The censure resolution formally criticised Ms Tlaib for her comments after the 7 October attack on Israel when Hamas militants killed 1,400 people in Israel and took at least 230 hostages.
Ms Tlaib, one of the first two Muslim women elected to Congress in 2019 and the House’s sole Palestinian-American member of Congress, has come under fire for saying that Israel was behind the bombing of the Al-Ahli Arab Hospital when US and Israeli intelligence said that a misfired Hamas rocket caused the destruction of the hospital.
In addition, many Democrats in her home state of Michigan, a state with a large Arab-American population, criticised her for using the slogan “from the River to the Sea.” Ms Tlaib, along with many supporters of Palestinian rights, say the slogan “is an aspirational call for freedom, human rights, and peaceful coexistence, not death, destruction, or hate.”
However, others argue the phrase is essentially calling for the dismantling of the state of Israel.
Ahead of the censure vote, Ms Tlaib defended herself from accusations of antisemitism.
“I will not be silenced and I will not let you distort my words,” she said. Ms Tlaib criticised the fact that more people were focused on her remarks than military attacks in Gaza. “The idea that criticising the government of Israel is antisemitic sets a very dangerous precedent, and it’s being used to silence diverse voices speaking up for human rights across our nation.”

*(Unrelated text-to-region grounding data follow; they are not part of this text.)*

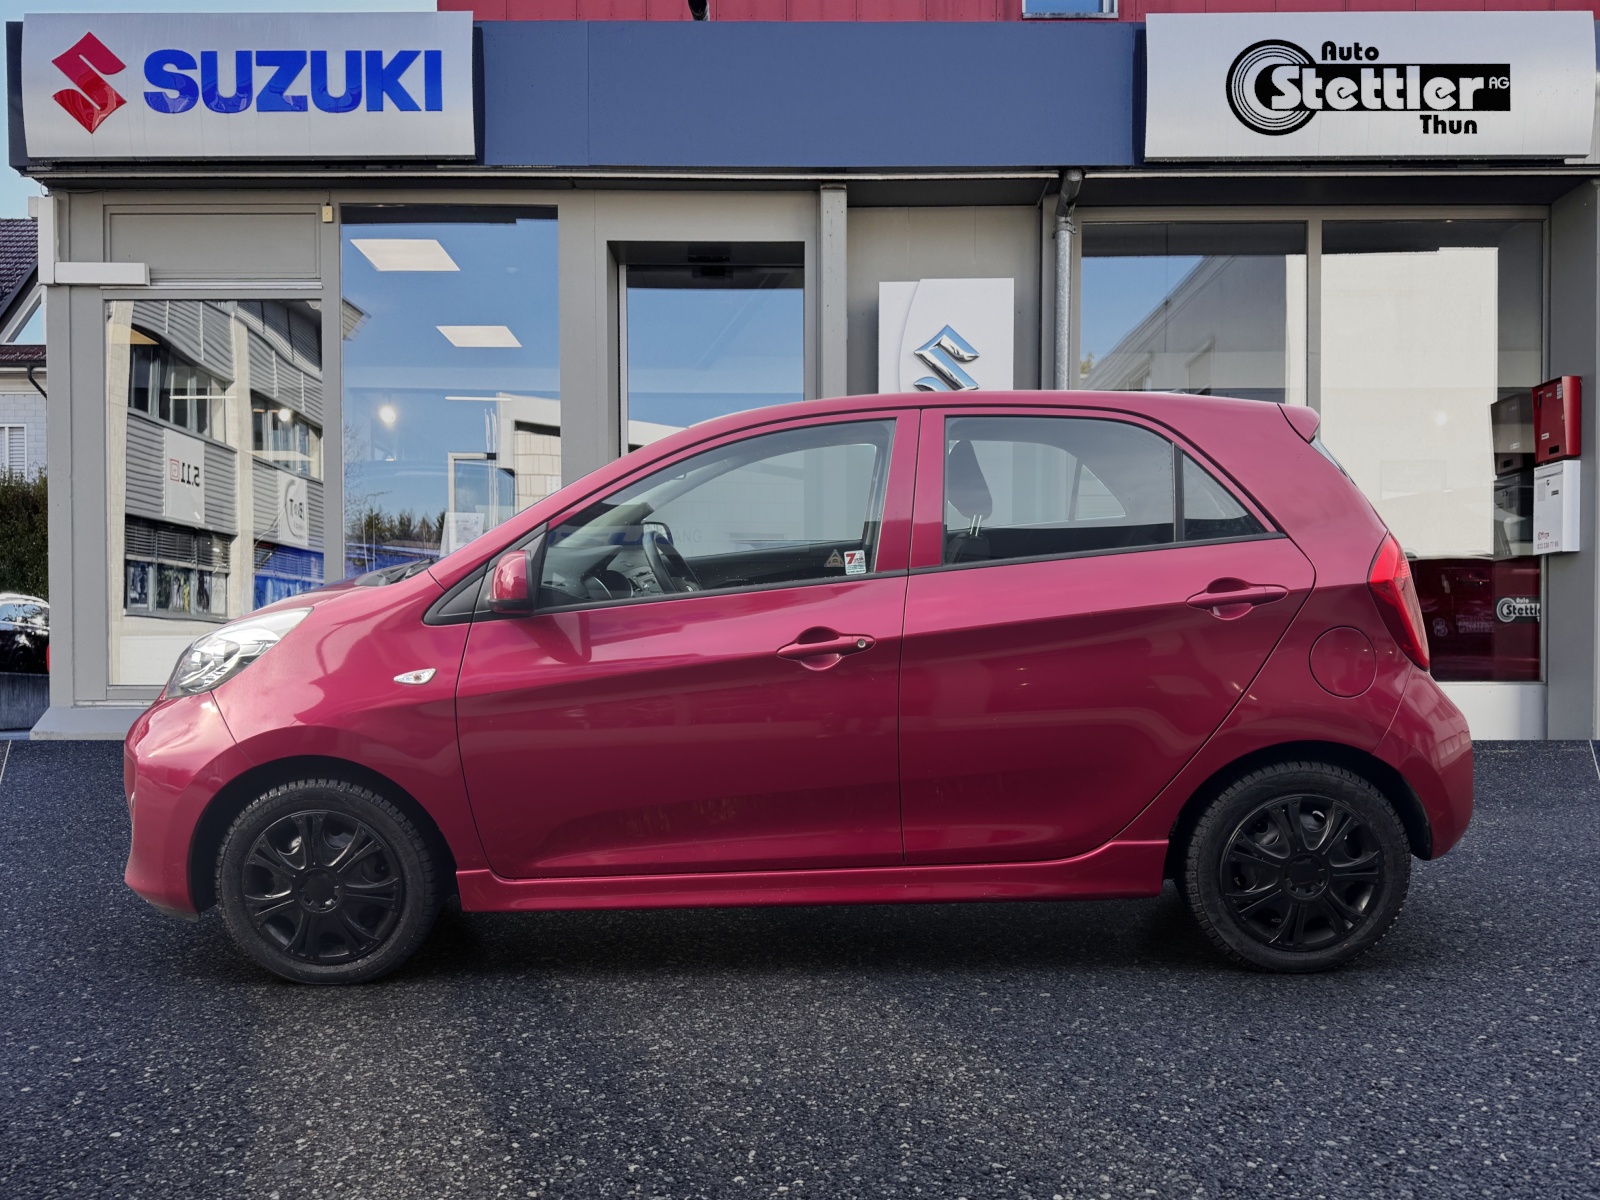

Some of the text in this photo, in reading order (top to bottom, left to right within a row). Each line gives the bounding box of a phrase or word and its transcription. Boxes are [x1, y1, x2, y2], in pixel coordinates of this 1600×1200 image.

[1321, 40, 1379, 61] Auto
[143, 48, 442, 114] SUZUKI
[1271, 65, 1510, 110] Stettler AG
[1420, 114, 1478, 134] Thun
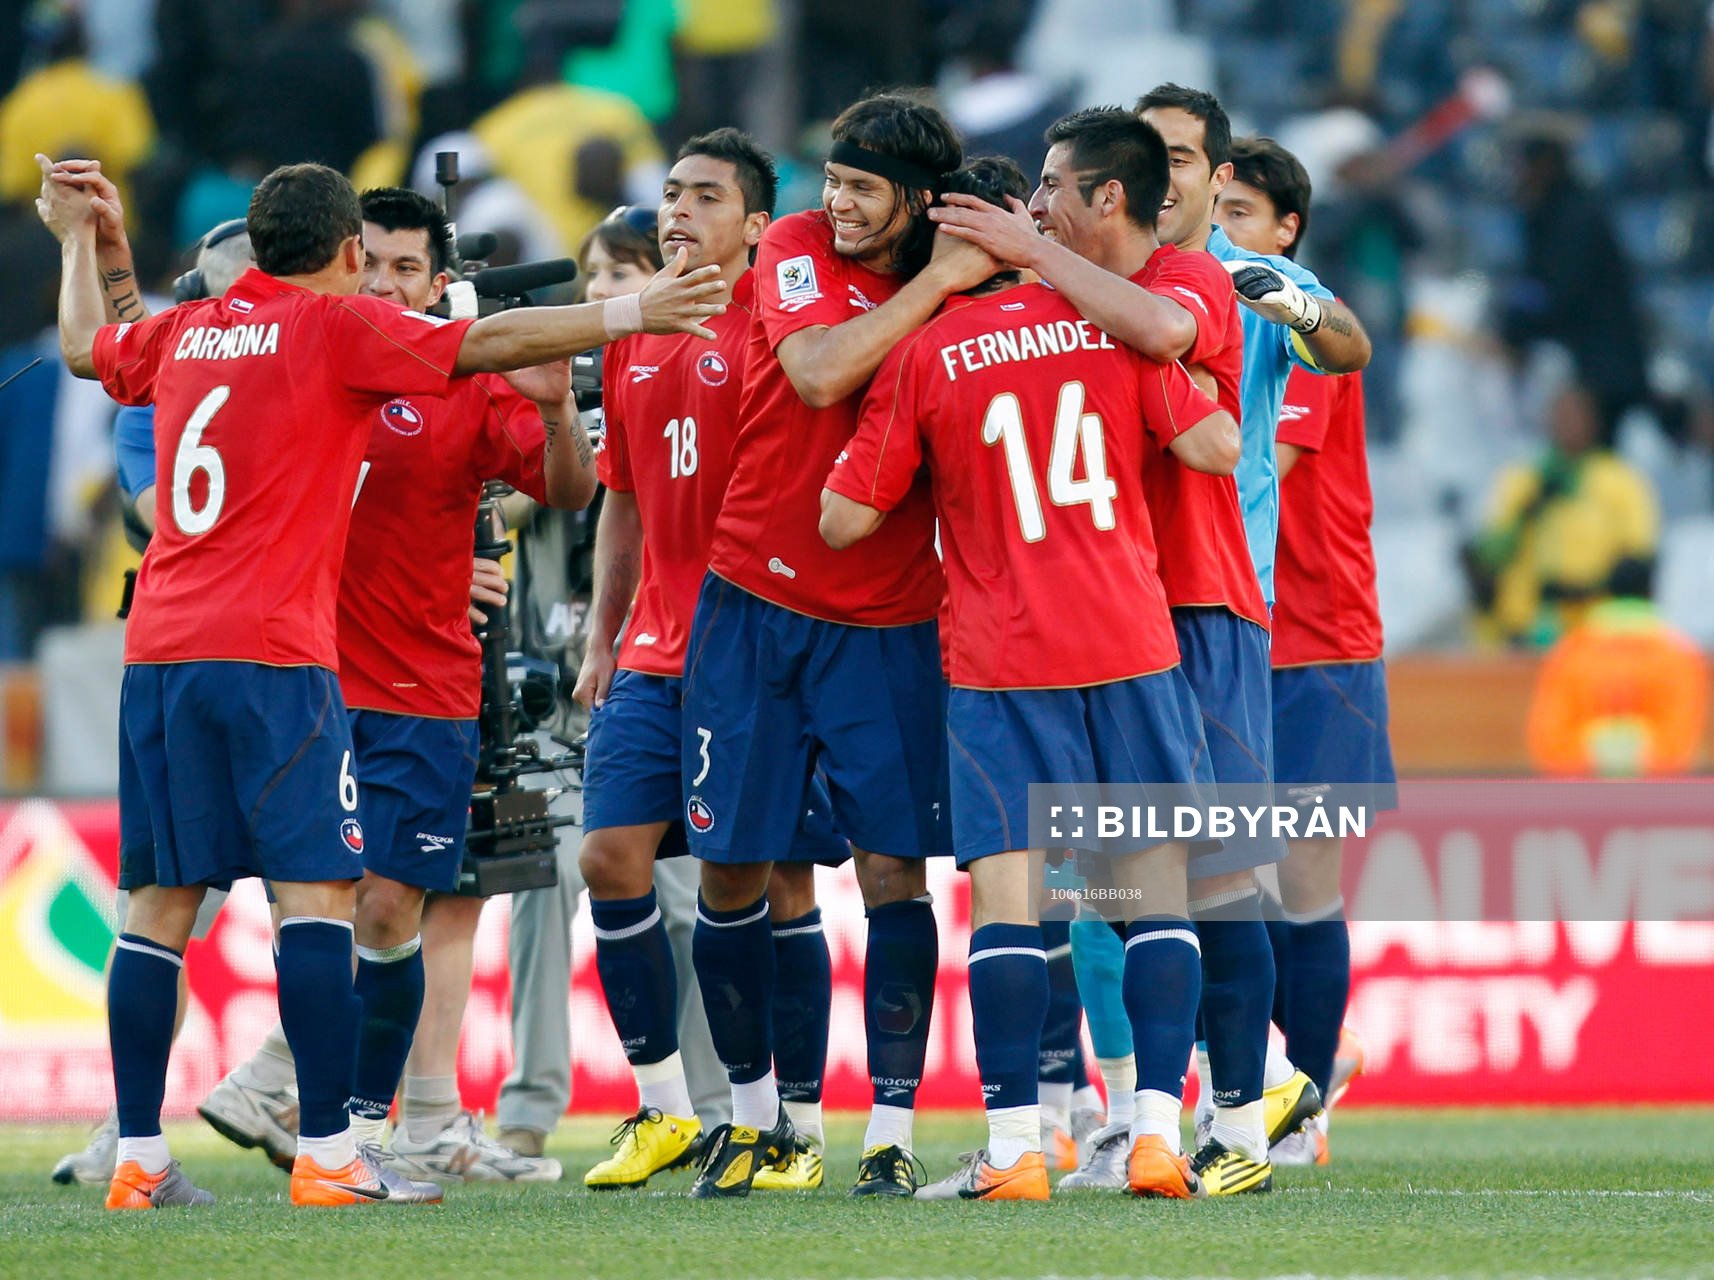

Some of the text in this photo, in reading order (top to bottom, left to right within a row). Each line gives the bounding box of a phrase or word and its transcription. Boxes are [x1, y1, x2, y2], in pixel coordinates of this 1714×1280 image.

[174, 322, 280, 360] CARMONA
[171, 384, 230, 536] 6
[663, 416, 699, 480] 18
[981, 380, 1118, 543] 14
[339, 749, 359, 812] 6
[1343, 974, 1600, 1075] FETY
[871, 1076, 920, 1087] BROOKS
[981, 1084, 1002, 1092] OKS

Ms Tlaib also criticised President Joe Biden for disputing the death toll in Gaza.
“I can’t believe I have to say this, but Palestinian people are not disposable,” she said, as she choked up. “We are human beings just like anyone else.”
But some supporters of Israel disputed her claims about the phrase.
“I would hardly define that as aspirational,” Rep Mike Lawler (R-NY) said in a floor speech, saying Ms Tlaib has “parroted the talking points and the message of Hamas.” The censure legislation also criticised Ms Tlaib for calling Israel an “apartheid state.”
“If you want Palestinians to be free, reject Hamas, reject the Palestinian authority, demand Hamas surrender,” Mr Lawler said to Ms Tlaib.
Along with 212 Republicans, 22 Democrats – including many Jewish-American Democrats and as well as Democrats from swing districts – joined the resolution censuring her. Only four Republicans – Reps Ken Buck (R-CO), Thomas Massie (R-KY), Tom McClintock (R-CA) and John Duarte (R-CA) – opposed the resolution. Four members – Reps Abigail Spanberger (D-VA), Donald Norcross (D-NJ), Susan Wild (D-PA) and David Joyce (R-OH) – voted “present.”
Rep Pramila Jayapal (D-WA) criticised Democrats who voted to censure a member of their own party.
“It is outrageous,” she told CNN’s Manu Raju. “I am embarrassed for those Democrats who voted to censure their own colleague, who voted against free speech. It is an embarrassment.”
But Rep Ritchie Torres (D-NY), an ardent supporter of Israel who voted for the censure resolution, defended his decision.
“Calling for the end of Israel as a Jewish State, through the insidious phrase ‘from the river to the sea,’ crosses a line of hate speech that no public official should ever cross,” he said on X, formerly known as Twitter. “Congress has a right to take a principled stand against hate speech calling for the destruction of the world’s only Jewish nation-state.”
The vote comes a month to the day since the deadly attack in Israel. But Congress has been unable to pass a proper aid package to Israel. Last week, the Republican majority in the House of Representatives passed a bill that would have stripped money from the Internal Revenue Service to pay for funding for aid to Israel.
The bill has little likelihood of passing the Democratic-controlled Senate and the nonpartisan Congressional Budget Office released a report last week saying that the legislation would cause net increase in the deficit of $12.5bn within a decade.